Иисус, чуждый всем меандрам своей теодицеи, верно, бессознательно чувствовал их путаность и потому страдал. Страдал под бременем религиозной традиции, без всяких логических скрупулов издавна наделившей все божества взаимоисключающими противоречиями, страдал, ибо любил человека и бессмысленные несчастия людей, всего народа не желал объяснить божеской жестокостью, тогда как его собственное сердце исполнено было малосвойственных людям доброты и милосердия.

52. Сегодня мнится: запутавшись в тенетах противоречий, усомнился в своем боге, коего благовестил, или даже взбунтовался против него, против миропорядка, алкал неотложного пришествия царства справедливости, дабы утвердить: бог таков, каким быть должен.

Я далек от мысли уверять тебя, так ли именно обстояло дело с Иисусом. В мире видимом нет никакой достоверности, сказывал Горгий в Платоновом диалоге. Вне нас ничего нет, а если и есть, то сие непознаваемо, ибо, утверждает он, бытие - это одно, а познание - нечто совсем иное.

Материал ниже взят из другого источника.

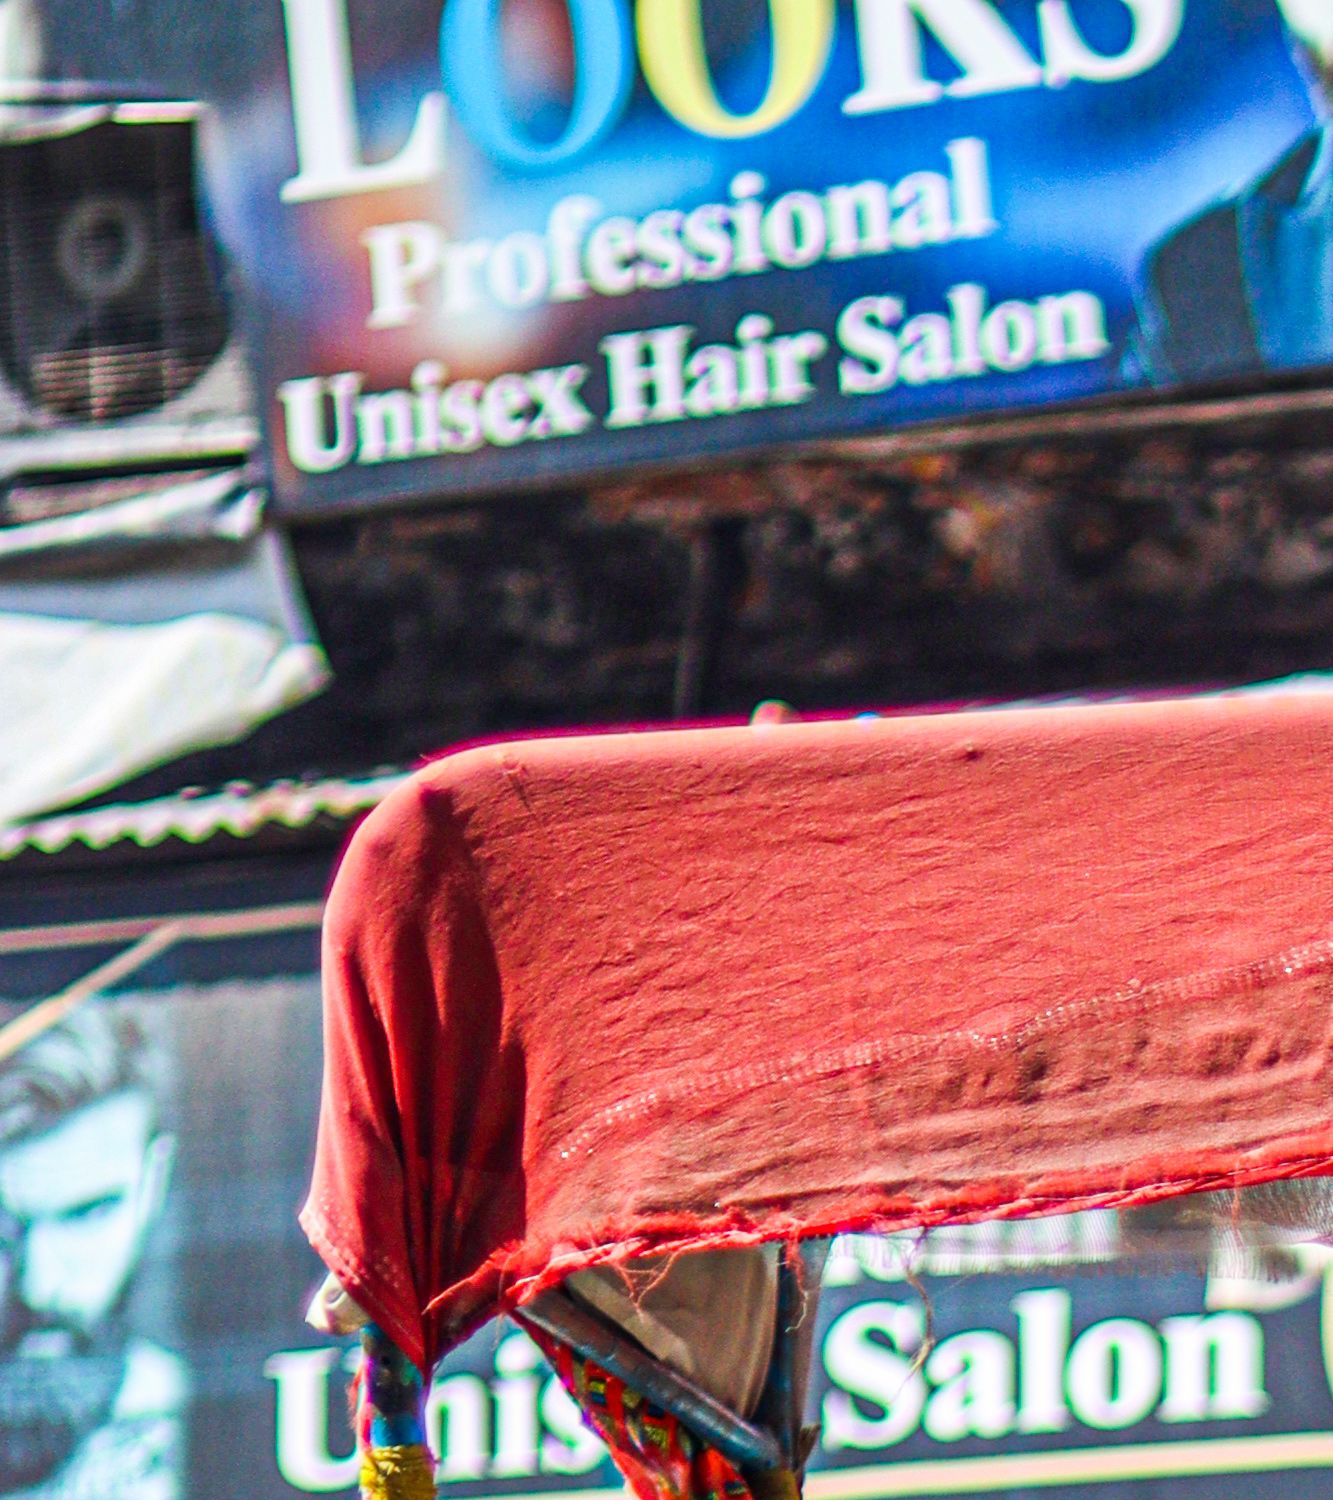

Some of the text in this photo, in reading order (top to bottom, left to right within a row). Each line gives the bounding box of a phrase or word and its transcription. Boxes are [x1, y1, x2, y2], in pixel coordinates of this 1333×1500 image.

[365, 137, 996, 328] Professional
[279, 283, 1110, 474] Unisex Hair Salon
[822, 1287, 1270, 1451] Salon
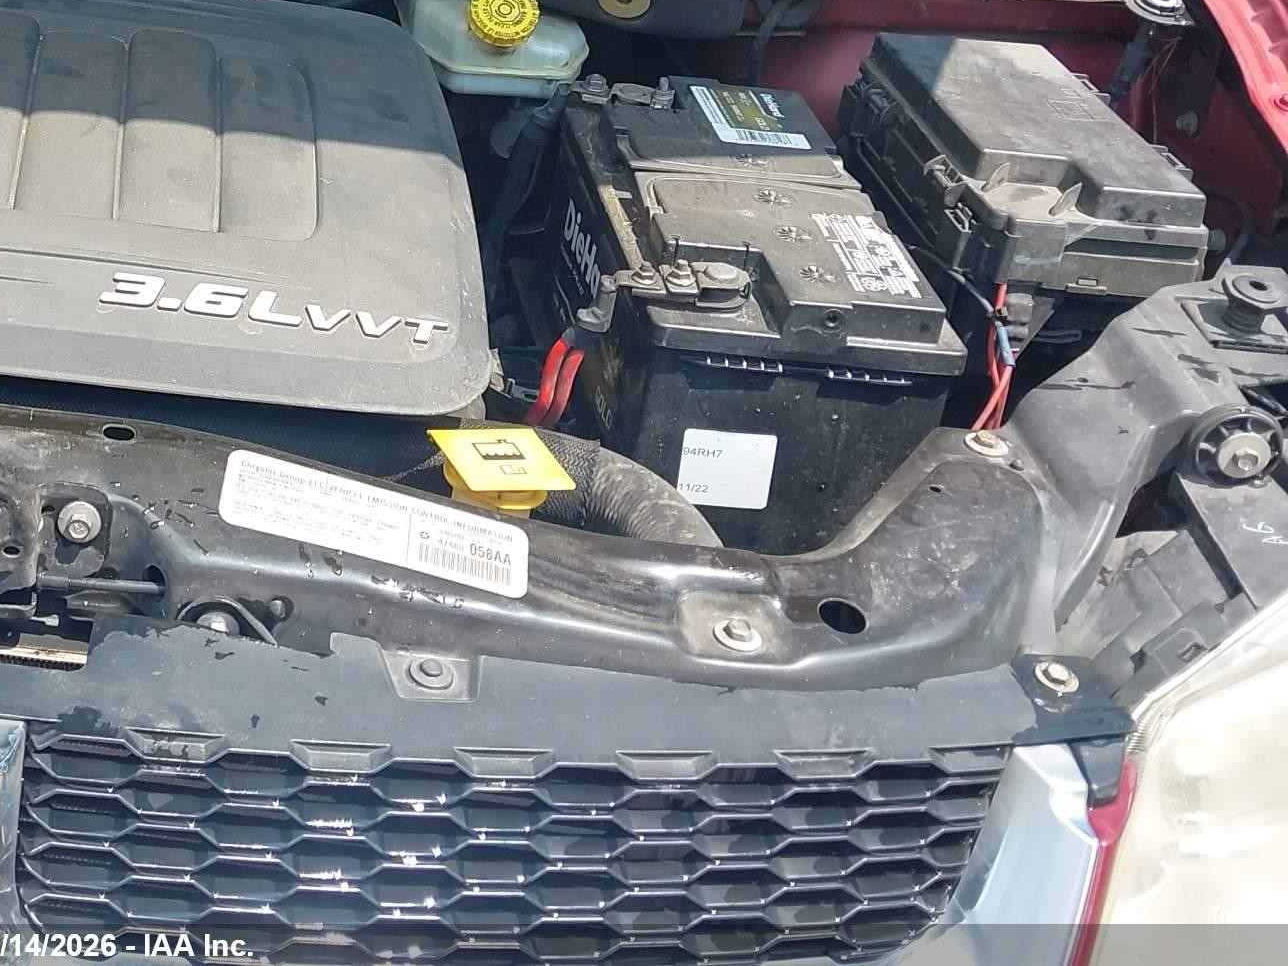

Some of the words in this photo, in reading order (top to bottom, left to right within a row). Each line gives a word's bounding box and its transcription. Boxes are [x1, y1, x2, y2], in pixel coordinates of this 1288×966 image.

Где гарантия того, что, будучи убежденным в наличии некоей вещи, я могу что-либо утверждать о ней с достоверностью? И даже имей я возможность познания ее, как передам свое знание другим (хотя и пытаюсь)? Как свои мысли передать другому? Другой всегда остается замкнут в своих убеждениях, как я в своих, никто, ясное дело, из своей шкуры не выскочит. Есть только диалоги, удачные либо неудачные.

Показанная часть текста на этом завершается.